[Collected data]

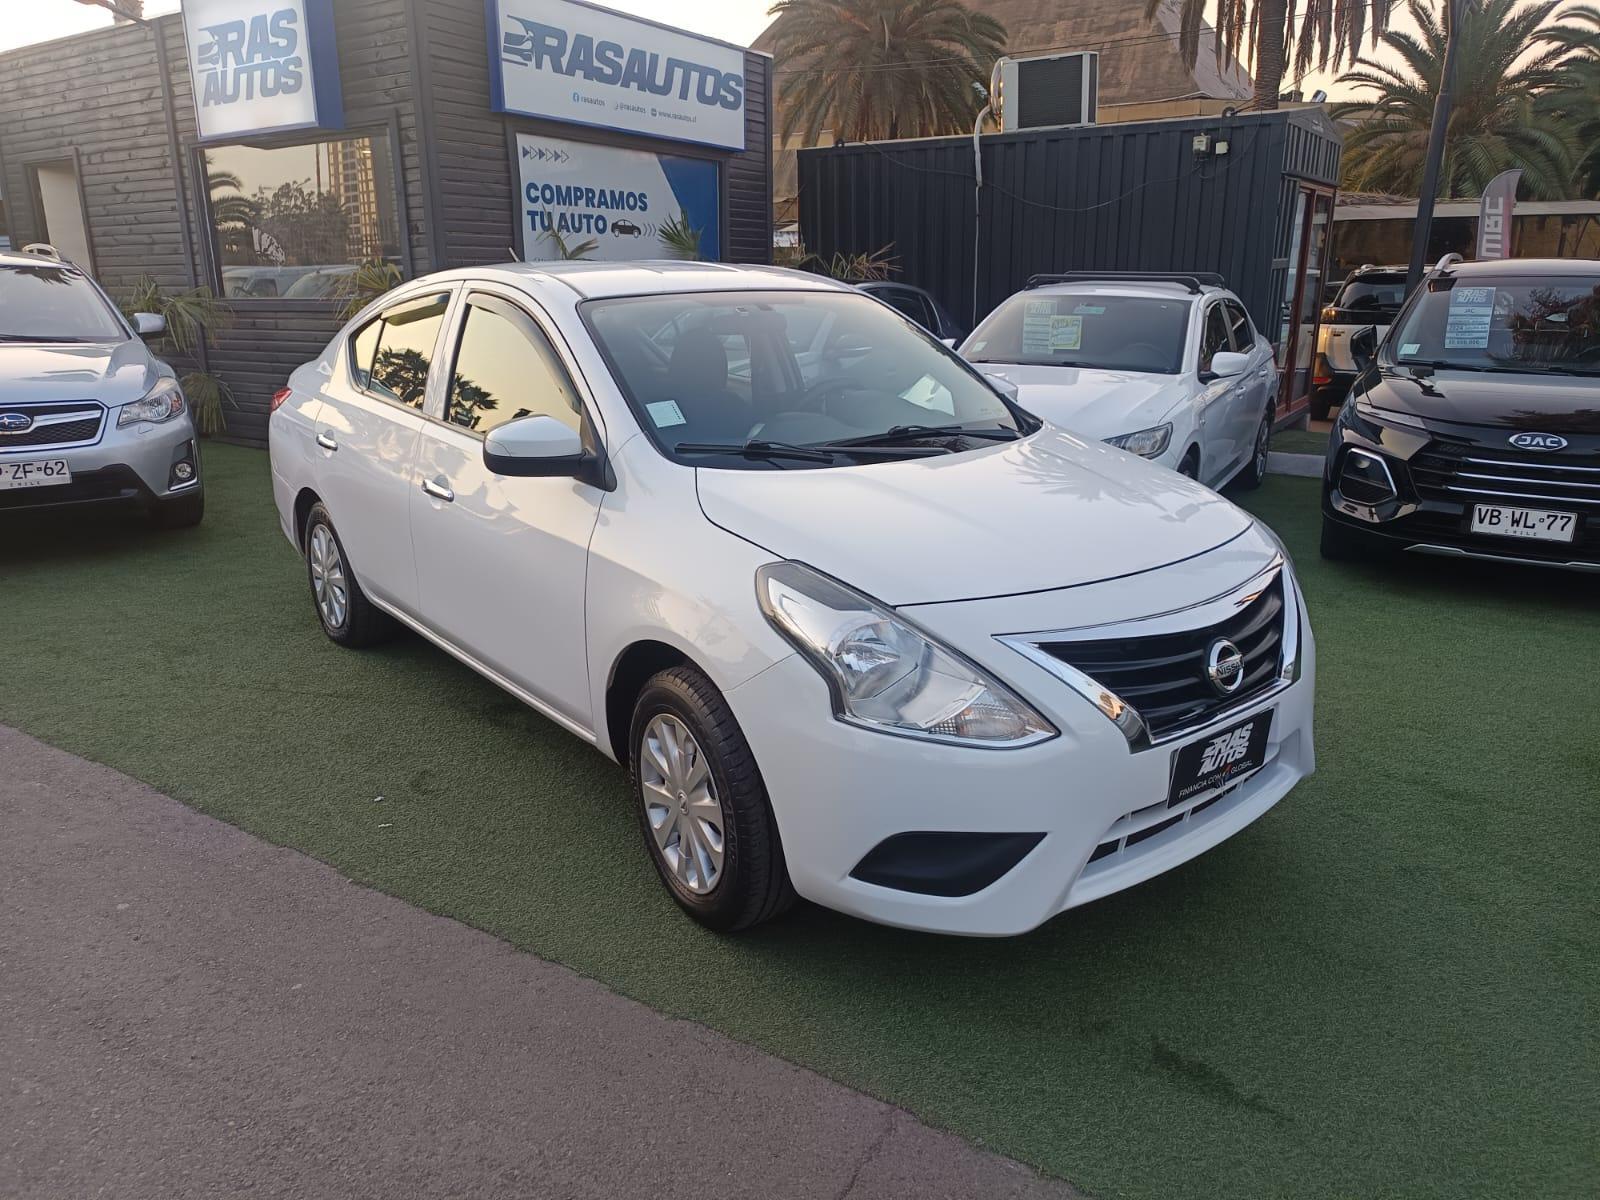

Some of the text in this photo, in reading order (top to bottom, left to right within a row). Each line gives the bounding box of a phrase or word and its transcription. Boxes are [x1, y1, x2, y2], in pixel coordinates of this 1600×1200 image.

[198, 8, 298, 68] RAS
[502, 15, 743, 111] RASAUTOS
[202, 56, 303, 107] AUTOS
[580, 95, 605, 107] rasautos
[525, 182, 648, 212] COMPRAMOS
[526, 210, 608, 235] TU AUTO
[1517, 435, 1560, 447] JAC
[1202, 722, 1254, 757] RAS
[1197, 741, 1250, 777] AUTOS

(Task brief):
Exact repetition of all the records is required, with the pictures excluded.

(Output for this exercise):
Some of the text in this photo, in reading order (top to bottom, left to right within a row). Each line gives the bounding box of a phrase or word and its transcription. Boxes are [x1, y1, x2, y2], in pixel coordinates of this 1600×1200 image.

[198, 8, 298, 68] RAS
[502, 15, 743, 111] RASAUTOS
[202, 56, 303, 107] AUTOS
[580, 95, 605, 107] rasautos
[525, 182, 648, 212] COMPRAMOS
[526, 210, 608, 235] TU AUTO
[1517, 435, 1560, 447] JAC
[1202, 722, 1254, 757] RAS
[1197, 741, 1250, 777] AUTOS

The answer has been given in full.